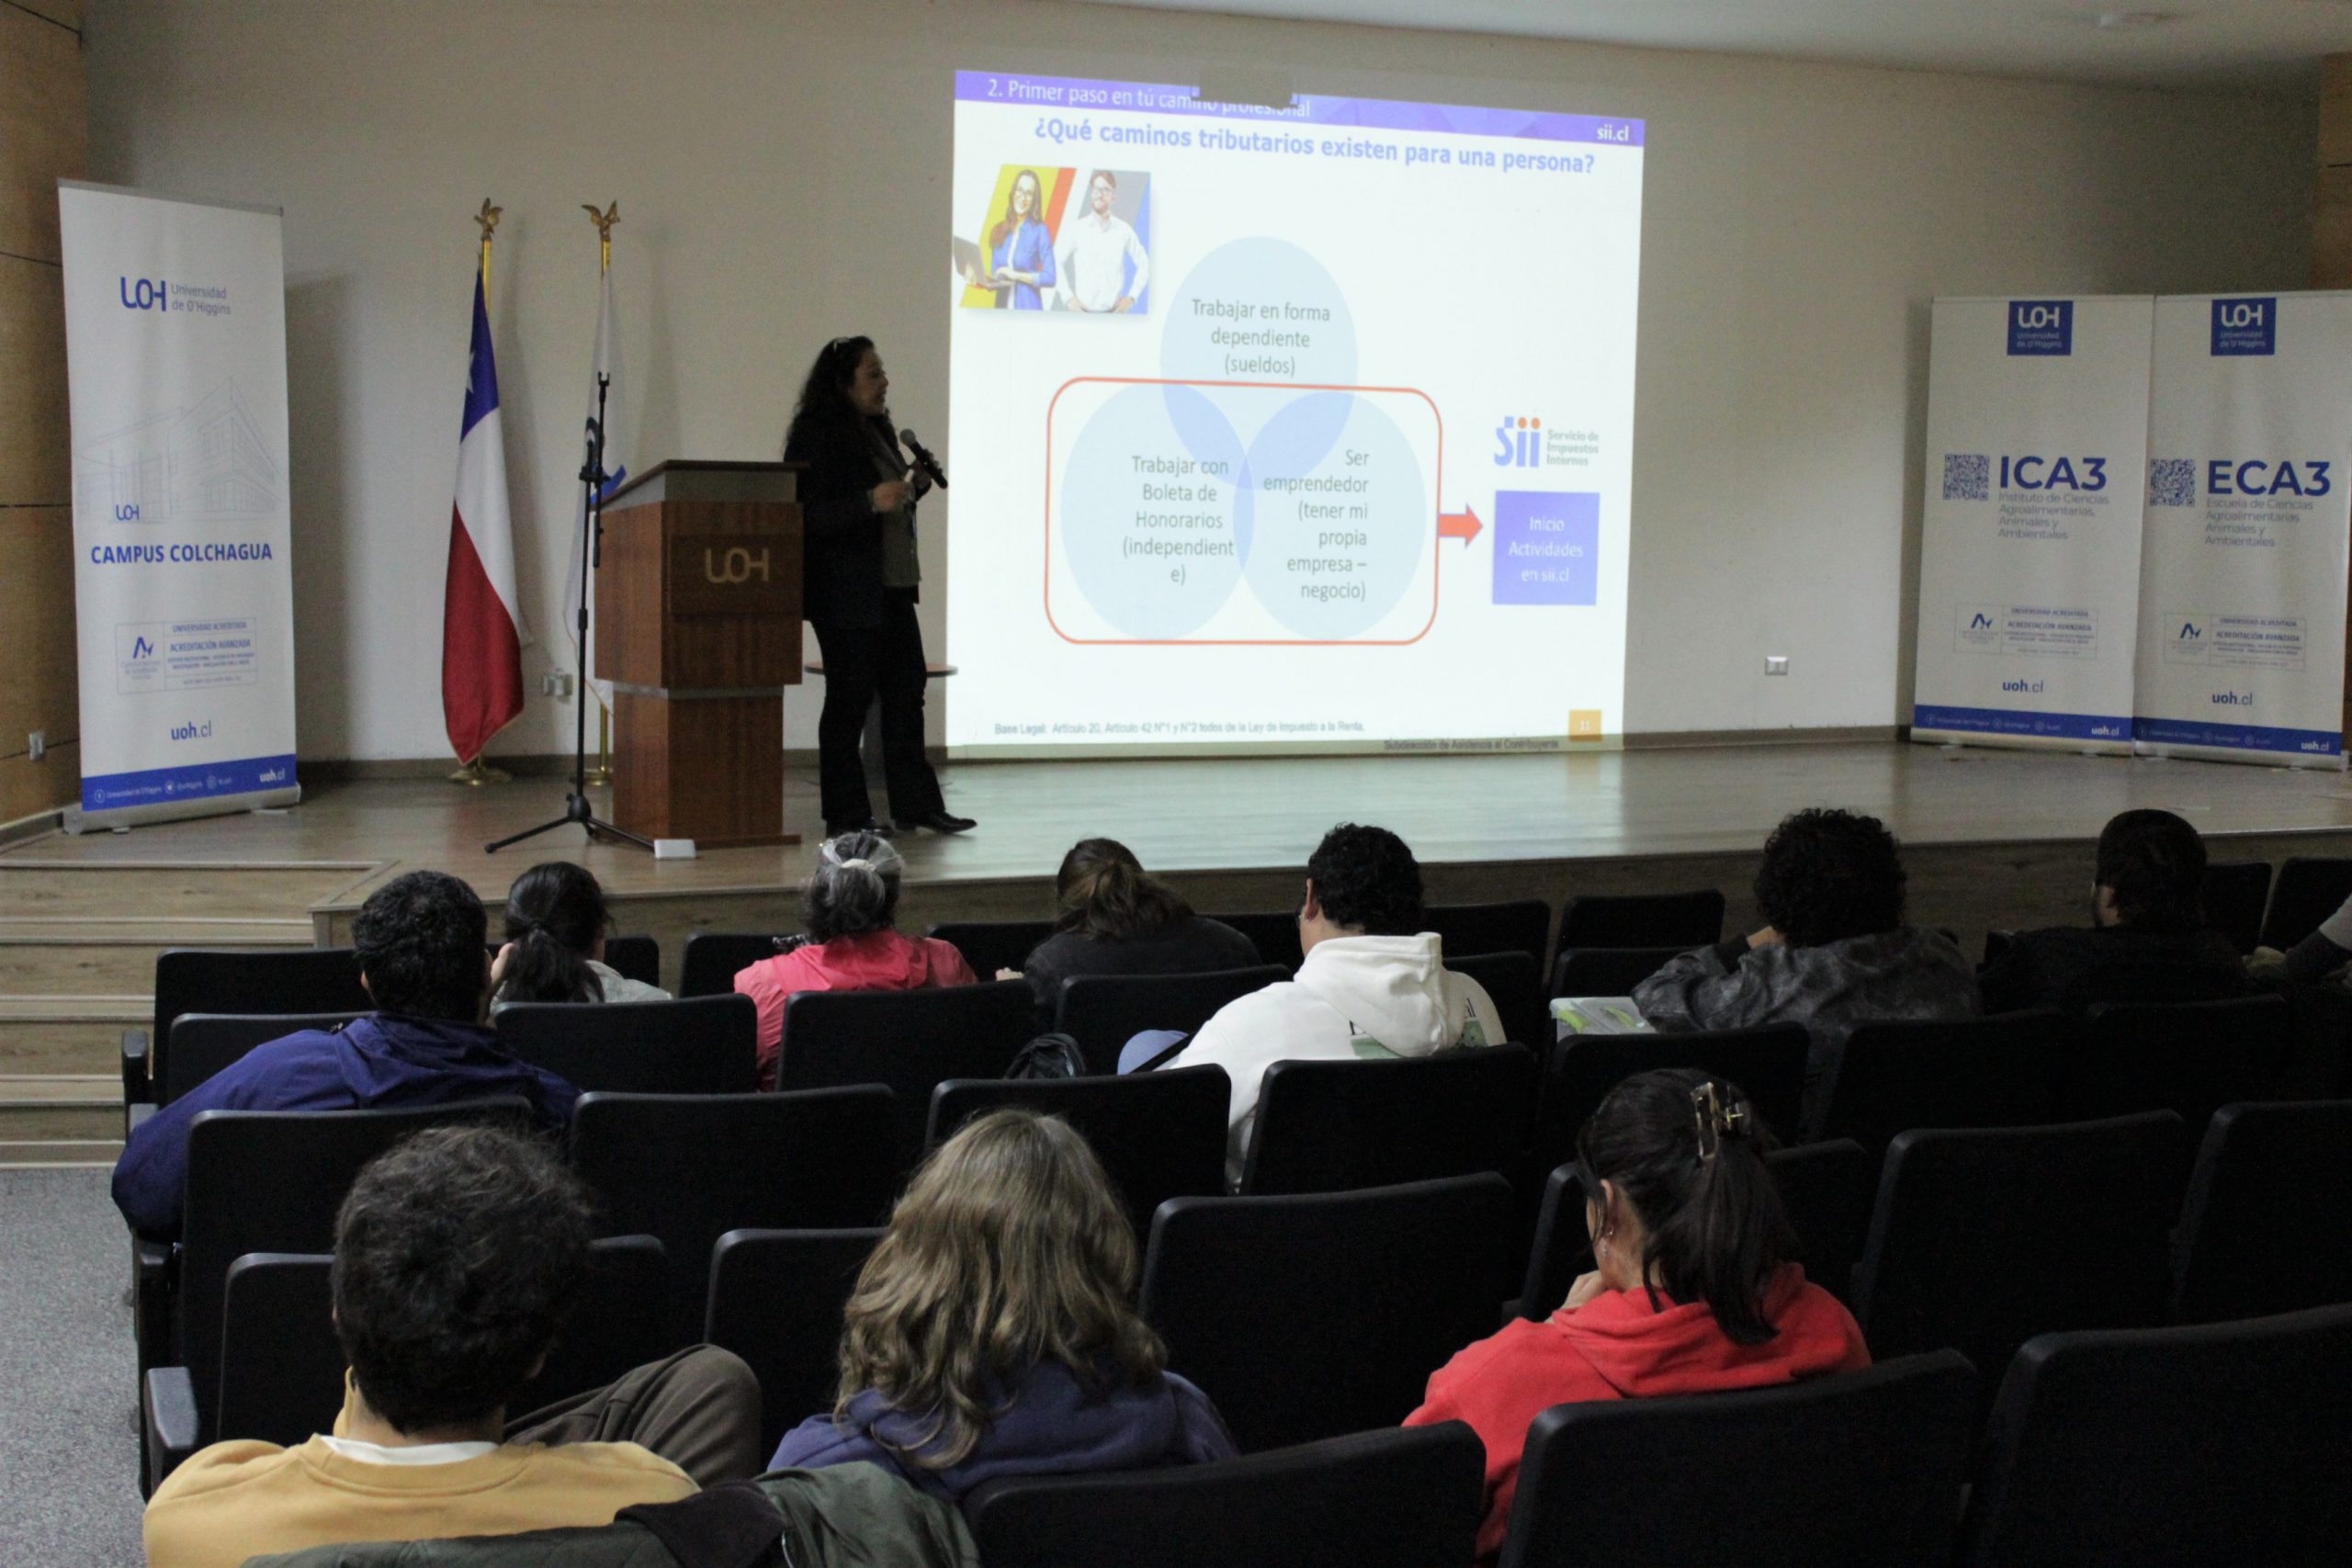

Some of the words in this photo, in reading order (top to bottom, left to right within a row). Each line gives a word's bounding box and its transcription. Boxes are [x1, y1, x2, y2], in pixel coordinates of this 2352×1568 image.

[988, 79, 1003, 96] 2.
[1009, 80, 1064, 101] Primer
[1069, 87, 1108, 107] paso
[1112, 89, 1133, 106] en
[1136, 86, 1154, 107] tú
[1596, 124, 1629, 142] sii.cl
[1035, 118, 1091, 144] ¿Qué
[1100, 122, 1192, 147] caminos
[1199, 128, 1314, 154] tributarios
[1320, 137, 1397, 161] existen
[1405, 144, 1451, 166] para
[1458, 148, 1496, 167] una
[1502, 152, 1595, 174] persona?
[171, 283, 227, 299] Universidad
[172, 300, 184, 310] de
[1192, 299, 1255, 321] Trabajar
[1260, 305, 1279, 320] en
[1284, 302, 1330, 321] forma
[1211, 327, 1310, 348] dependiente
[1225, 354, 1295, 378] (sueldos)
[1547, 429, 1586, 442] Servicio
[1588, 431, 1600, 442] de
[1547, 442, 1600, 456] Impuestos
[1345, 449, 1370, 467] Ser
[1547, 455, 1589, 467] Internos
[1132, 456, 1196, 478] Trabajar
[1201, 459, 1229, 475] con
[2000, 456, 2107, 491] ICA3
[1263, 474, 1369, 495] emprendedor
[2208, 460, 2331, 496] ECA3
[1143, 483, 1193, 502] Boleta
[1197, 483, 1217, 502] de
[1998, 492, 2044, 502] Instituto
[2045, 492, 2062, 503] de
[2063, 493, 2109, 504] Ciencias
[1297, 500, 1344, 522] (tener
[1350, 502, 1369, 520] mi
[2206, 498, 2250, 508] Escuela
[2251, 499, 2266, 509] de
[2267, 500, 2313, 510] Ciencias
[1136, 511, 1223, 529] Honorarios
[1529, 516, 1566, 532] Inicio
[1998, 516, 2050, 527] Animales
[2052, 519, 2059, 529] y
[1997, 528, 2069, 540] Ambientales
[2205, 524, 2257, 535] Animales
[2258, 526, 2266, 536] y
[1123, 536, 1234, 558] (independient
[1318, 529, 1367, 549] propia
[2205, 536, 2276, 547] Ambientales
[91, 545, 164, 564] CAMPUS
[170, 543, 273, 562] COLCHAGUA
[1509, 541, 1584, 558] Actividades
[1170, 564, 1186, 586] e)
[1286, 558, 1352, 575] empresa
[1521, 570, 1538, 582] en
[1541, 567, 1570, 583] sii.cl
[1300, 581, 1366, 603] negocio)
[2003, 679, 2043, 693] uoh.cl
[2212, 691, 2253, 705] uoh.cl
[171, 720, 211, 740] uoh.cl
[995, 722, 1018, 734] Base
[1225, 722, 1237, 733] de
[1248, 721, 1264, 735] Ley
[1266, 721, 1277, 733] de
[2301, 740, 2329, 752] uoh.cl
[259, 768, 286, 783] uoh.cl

### To do
Give the number of lines in the entries above that contain the word "Ambientales", with no accompanying text.

### Worked solution
2